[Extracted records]

□ □ □

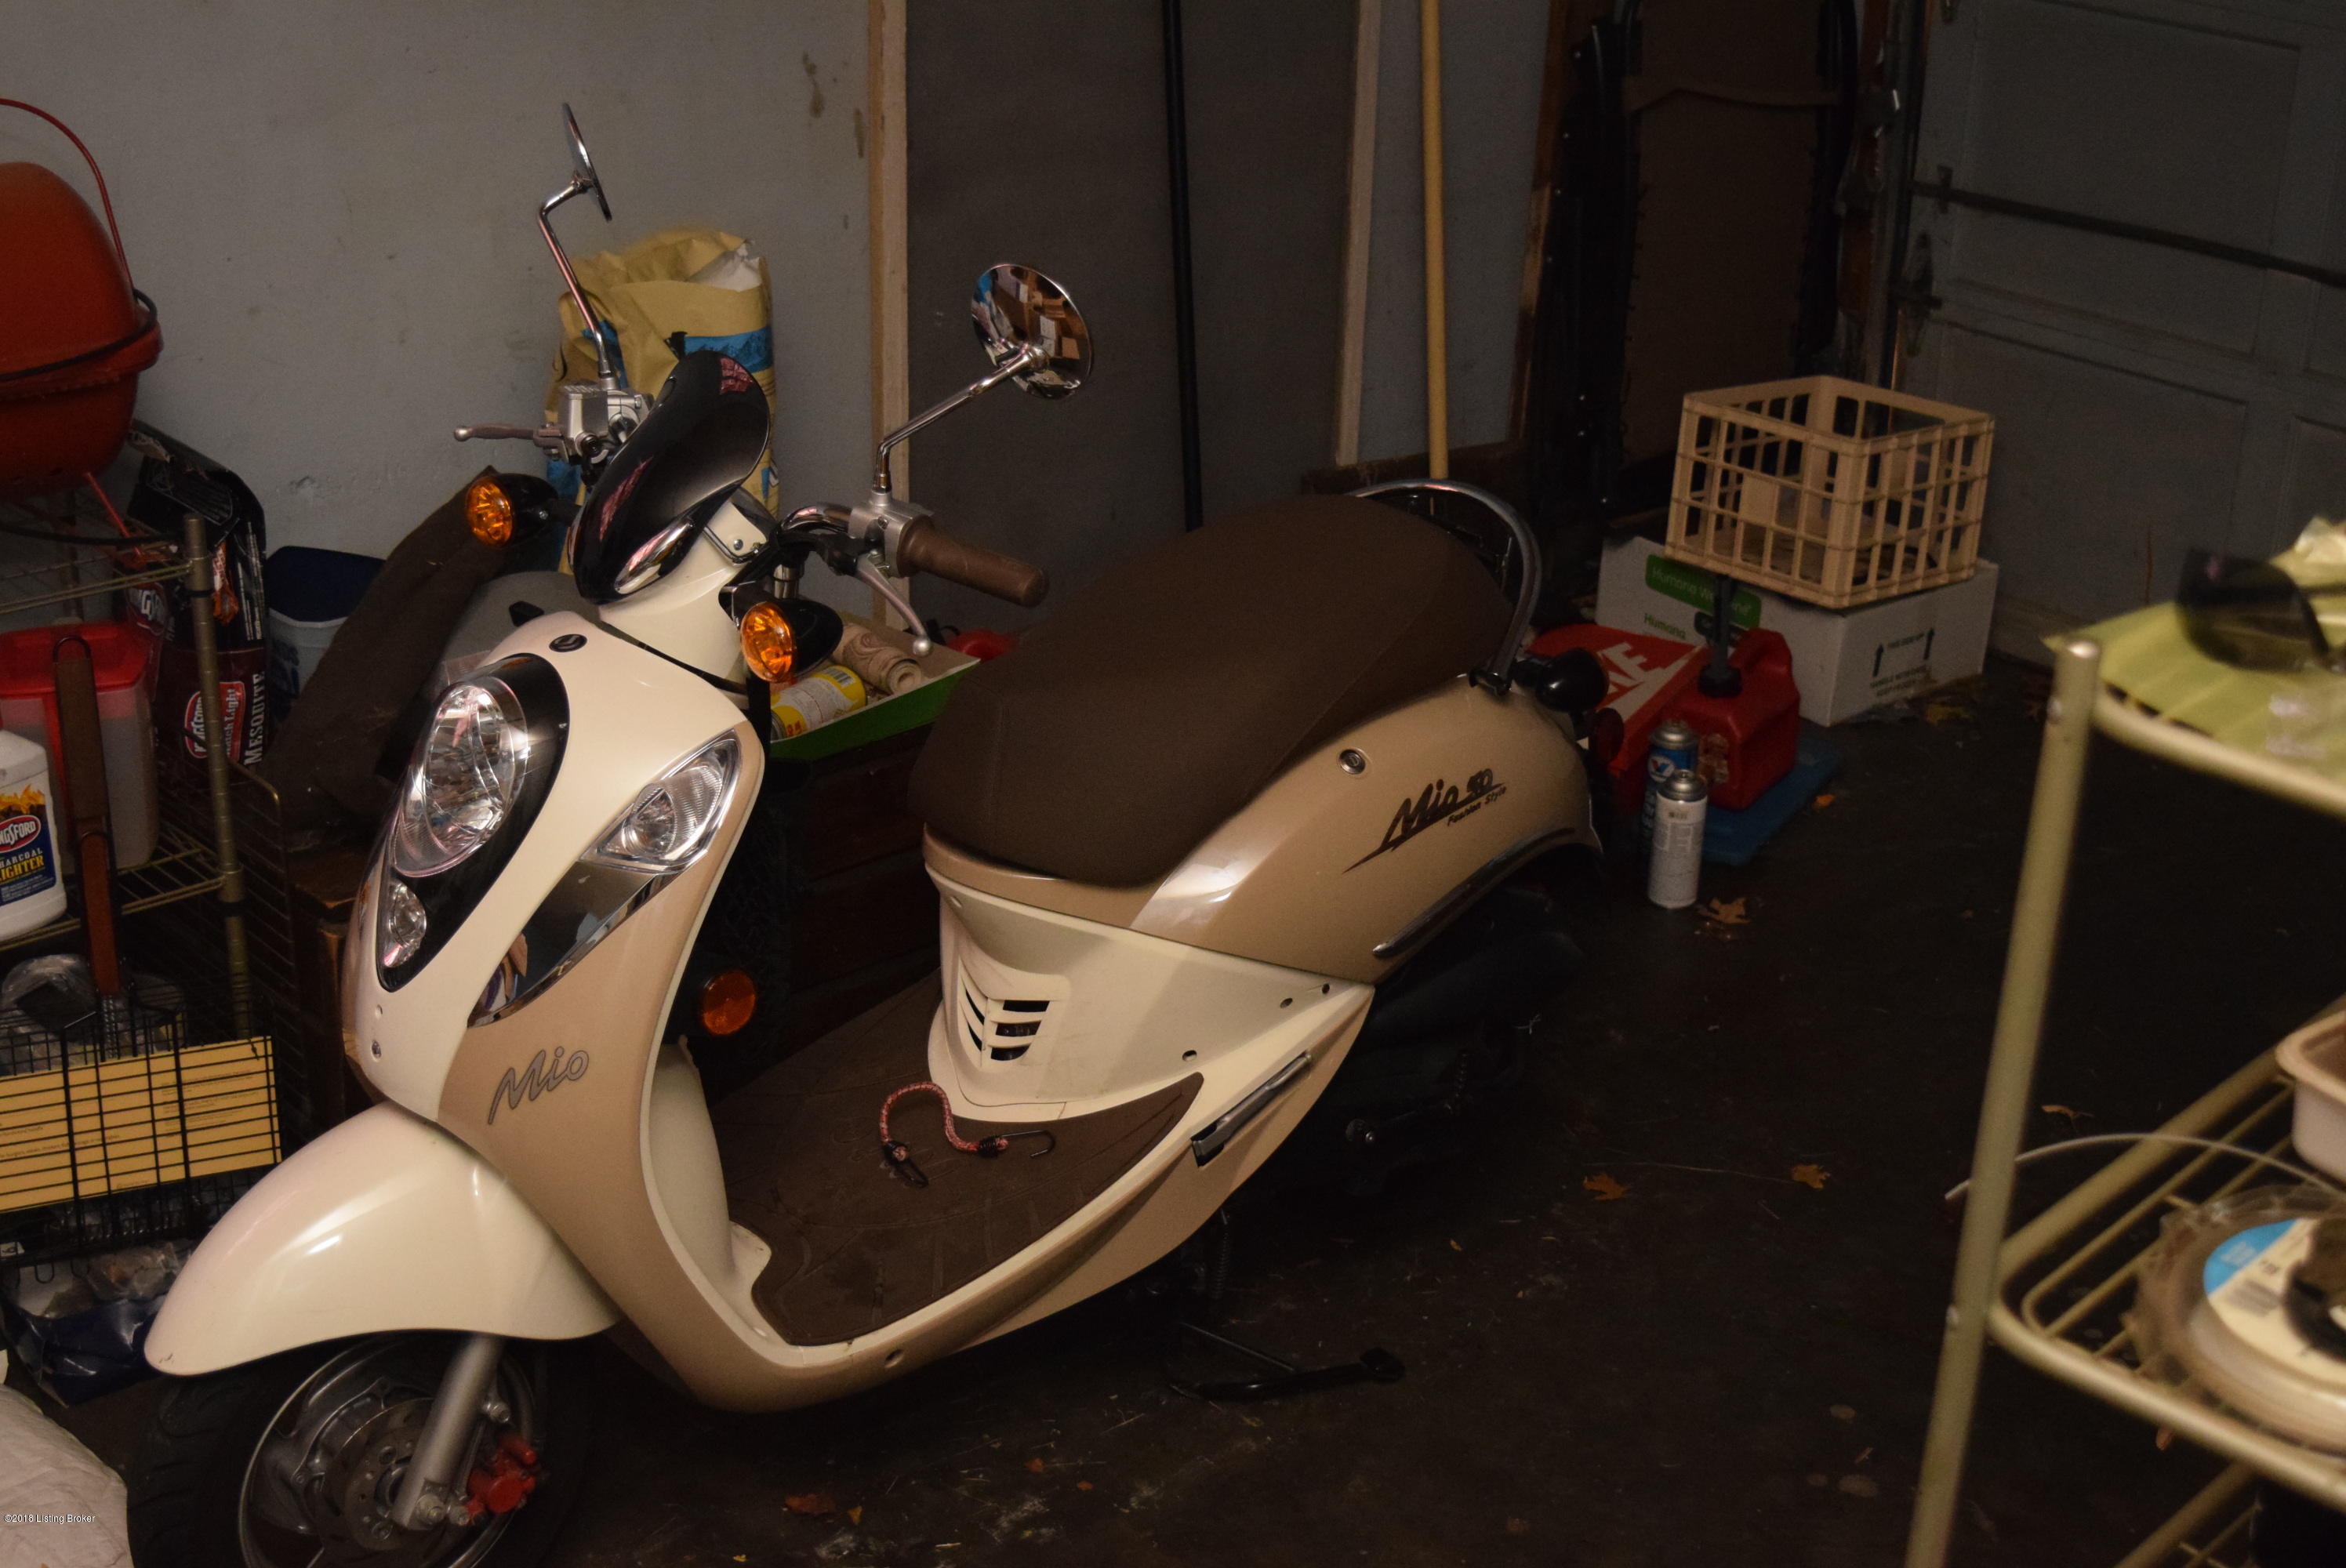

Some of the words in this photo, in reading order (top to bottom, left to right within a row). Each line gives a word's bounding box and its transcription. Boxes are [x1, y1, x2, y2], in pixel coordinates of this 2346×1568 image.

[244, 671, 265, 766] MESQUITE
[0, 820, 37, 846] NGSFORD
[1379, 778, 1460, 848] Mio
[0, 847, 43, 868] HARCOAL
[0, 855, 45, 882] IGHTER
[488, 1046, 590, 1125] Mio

□ □ □

- [WHAT TO WORK ON]: Copy out the records exactly; the pictures stay behind.

- [YOUR SOLUTION]:
Some of the words in this photo, in reading order (top to bottom, left to right within a row). Each line gives a word's bounding box and its transcription. Boxes are [x1, y1, x2, y2], in pixel coordinates of this 2346×1568 image.

[244, 671, 265, 766] MESQUITE
[0, 820, 37, 846] NGSFORD
[1379, 778, 1460, 848] Mio
[0, 847, 43, 868] HARCOAL
[0, 855, 45, 882] IGHTER
[488, 1046, 590, 1125] Mio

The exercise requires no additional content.